En elle couve la rébellion, ses conversations avec Mimo, le jardinier, la renseigne sur un ailleurs qui s’ouvre à de nouvelles idées.

« Il est tout enflammé de ces nouvelles idées de rébellion.

Et contre qui se rebellent les pauvres ? Contre les riches, les puissants, l’Église. […] sur le continent, il y en a tant de ces médecins et maîtres d’école et avocats qui sont du côté du peuple. »

À dix-sept ans, après la mort de mère Leonora, elle ira vivre dans la riche famille de cette dernière. À l’abri des soucis financiers, elle fait l’apprentissage d’une vie libre, elle apprend avec avidité, sans relâche, elle forme son esprit et apprend tout de la gestion du domaine Brandiforti.

Elle va devenir princesse Brandiforti mais n’est-ce-pas un pacte avec le diable. ?

Cette célèbre famille recèle de sombres secrets.

De mœurs libres, Modesta aimera un homme Carmine, c’est l’occasion pour l’auteur de faire un beau portrait.

Après avoir étudier jusqu’à l’épuisement, avoir intégrer tous les us et coutumes dus à son rang, elle n’en reste pas moins une femme farouche et insoumise, une femme libre.

Partout où Modesta passe, le monde plie.

« Je n’aurai jamais de maîtres » est sa devise

Avide, attentive, elle exerce son intelligence à aller toujours ailleurs, vers d’autres horizons.

Le lecteur doit passer le cap des premières pages qui sont rudes, qui lacèrent et disent d’où part cette petite fille.

C’est un roman fascinant sur la trajectoire d’une enfant pauvre qui va devenir une femme libre, qui va évoluer de l’individualité à l’engagement.

En refermant ce livre unique le lecteur est troublé mais il a l’impression d’avoir avancé vers la lumière.

À mesure que son esprit s’affûte la femme se déploie, comme une fleur s’ouvre sous la conjonction de la rosée et des premiers rayons du soleil.

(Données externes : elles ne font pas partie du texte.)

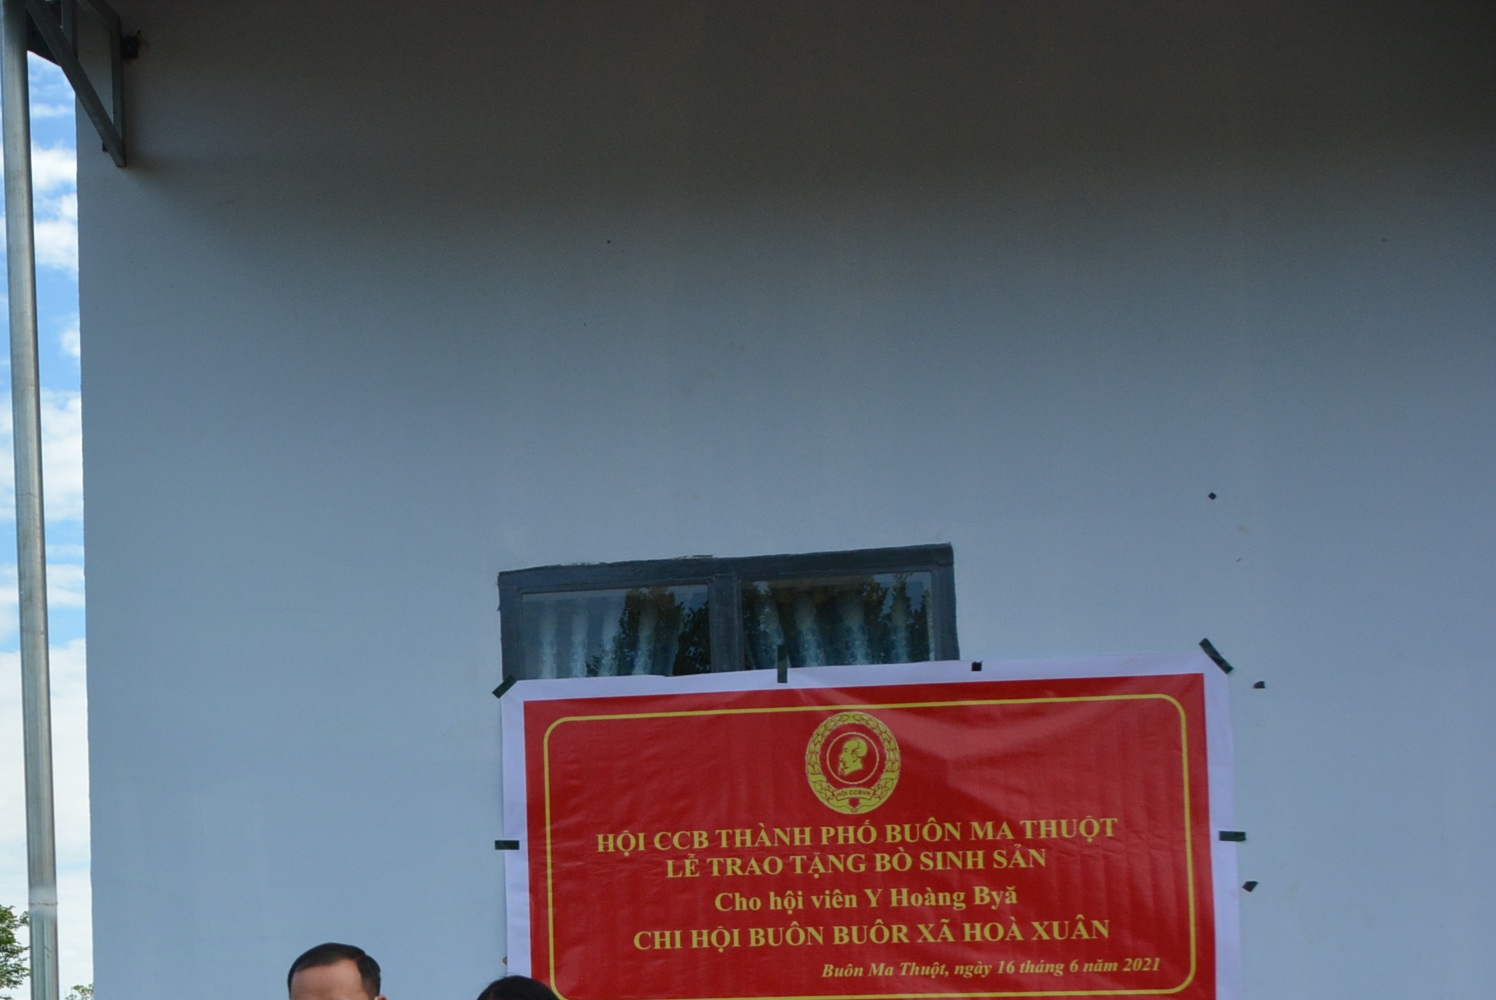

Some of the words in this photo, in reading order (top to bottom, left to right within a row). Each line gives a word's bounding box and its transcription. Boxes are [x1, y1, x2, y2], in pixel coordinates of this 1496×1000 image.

L’auteur a su, sur toute la longueur de ce pavé de 800 pages, faire évoluer son style qui épouse celui de l’épanouissement de son héroïne.

Le texte devient ample, beau,  les dialogues sont profonds et savoureux et le lecteur a la sensation d’être invité à partager la conversation des protagonistes.

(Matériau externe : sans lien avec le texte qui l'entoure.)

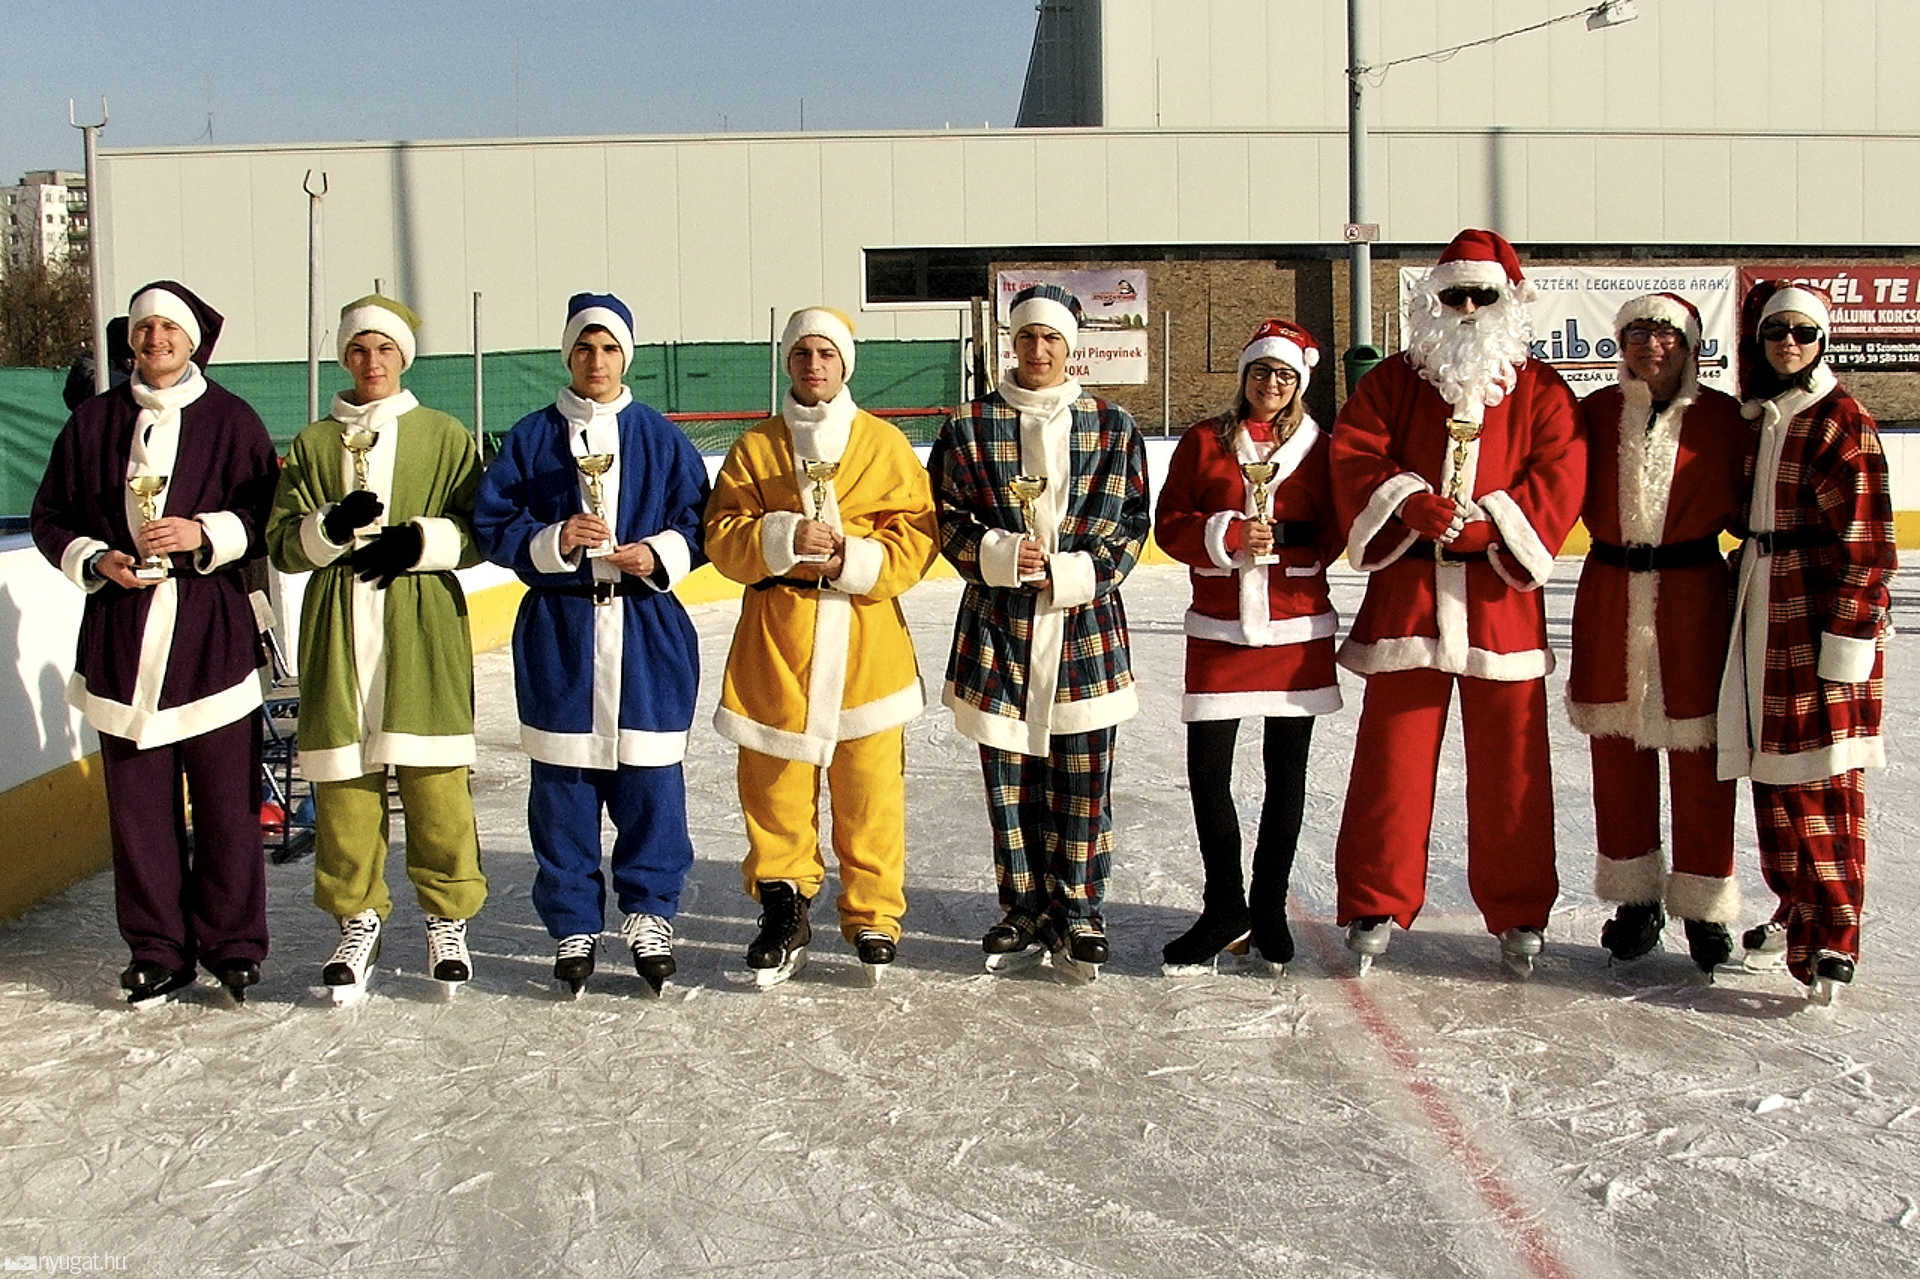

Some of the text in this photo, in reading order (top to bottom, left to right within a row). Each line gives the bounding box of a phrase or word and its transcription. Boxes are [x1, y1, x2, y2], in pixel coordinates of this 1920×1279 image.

[1873, 278, 1910, 304] TE
[1088, 347, 1142, 361] Pingvinek
[1065, 364, 1090, 377] OKA

Ce roman est sauvage, absolu et complexe et en même temps romantique, érotique et poétique.

Ce qui est fascinant, c’est de voir cette femme prendre sa place sans rejeter l’homme.

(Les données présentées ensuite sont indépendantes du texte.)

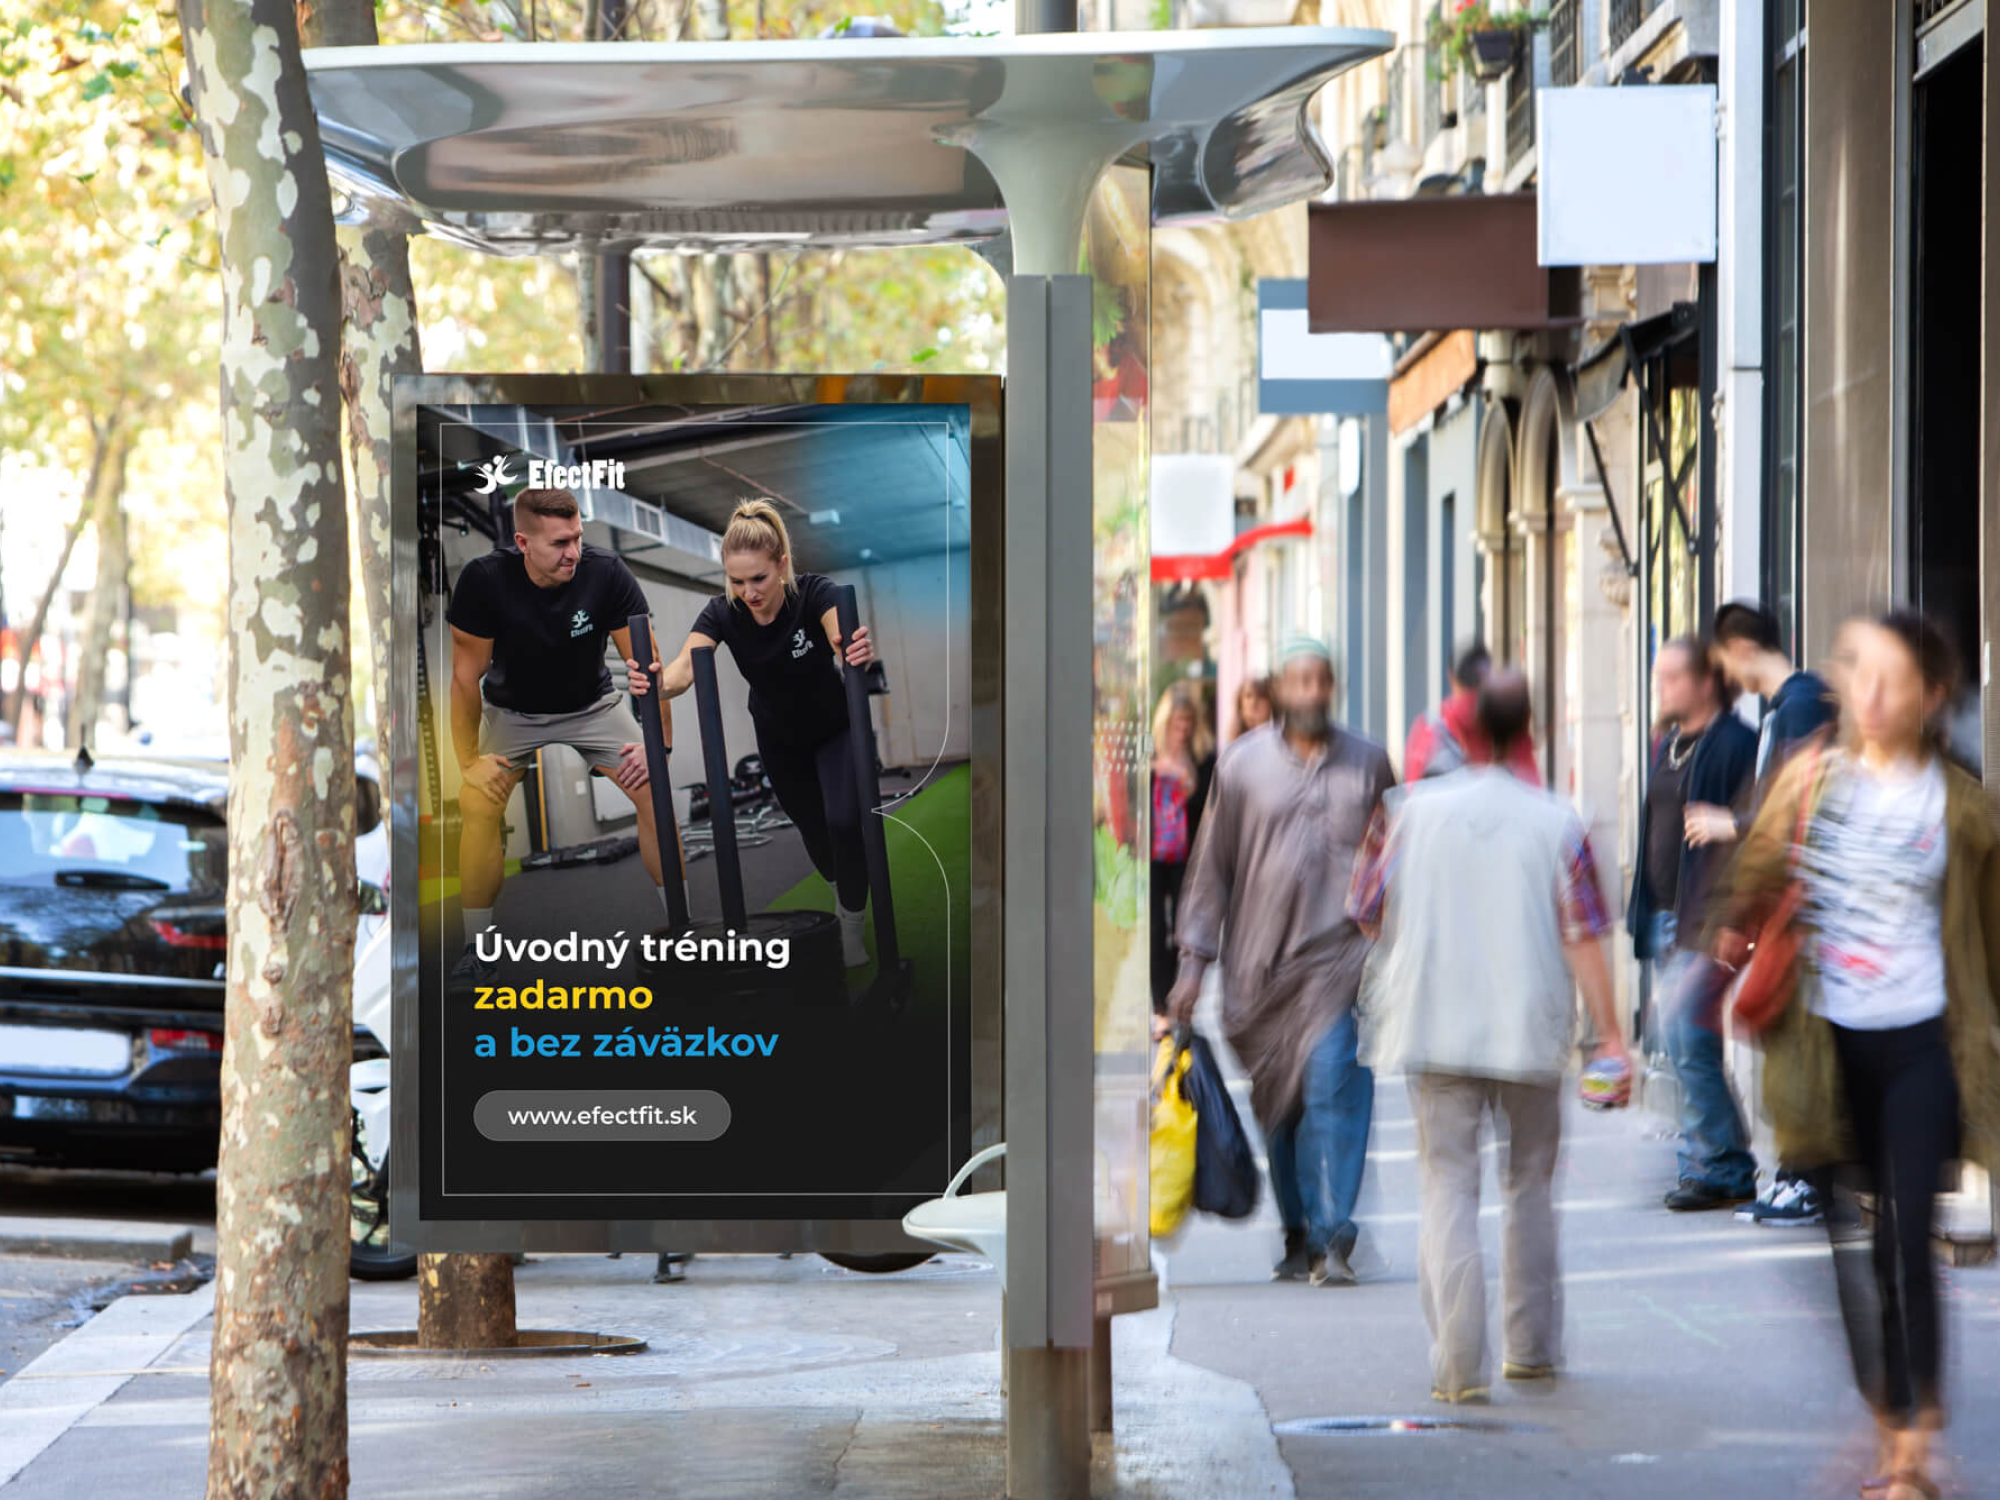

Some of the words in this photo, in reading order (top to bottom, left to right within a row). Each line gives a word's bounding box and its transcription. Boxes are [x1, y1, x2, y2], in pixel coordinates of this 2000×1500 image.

[529, 459, 625, 489] EfectFit
[475, 925, 630, 969] Úvodný
[640, 929, 790, 969] tréning
[474, 978, 653, 1009] zadarmo
[474, 1034, 496, 1057] a
[511, 1026, 582, 1057] bez
[593, 1026, 779, 1057] záväzkov
[507, 1105, 698, 1125] www.efectfit.sk

Elle avance vers la vieillesse et la mort comme elle a vécu dans la lumière.

«parce que la jeunesse et la vieillesse ne sont qu’une hypothèse, ton âge est celui que tu te choisis, que tu te convaincs d’avoir.»

Chacune peut y trouver un guide pour tracer sa propre trajectoire, qui passera par la case culture au sens large, mais aussi par l’observation d’un monde qu’il faut apprendre à combattre sans rejeter tout en bloc, savoir affiner sa pensée et sa conscience des autres.

« Il fallait, comme on étudie la grammaire, la musique, étudier les émotions que les autres provoquent en nous… La peur, comme les pensées noires, est une mauvaise herbe puissante et il faut tout de suite se l’arracher du corps. »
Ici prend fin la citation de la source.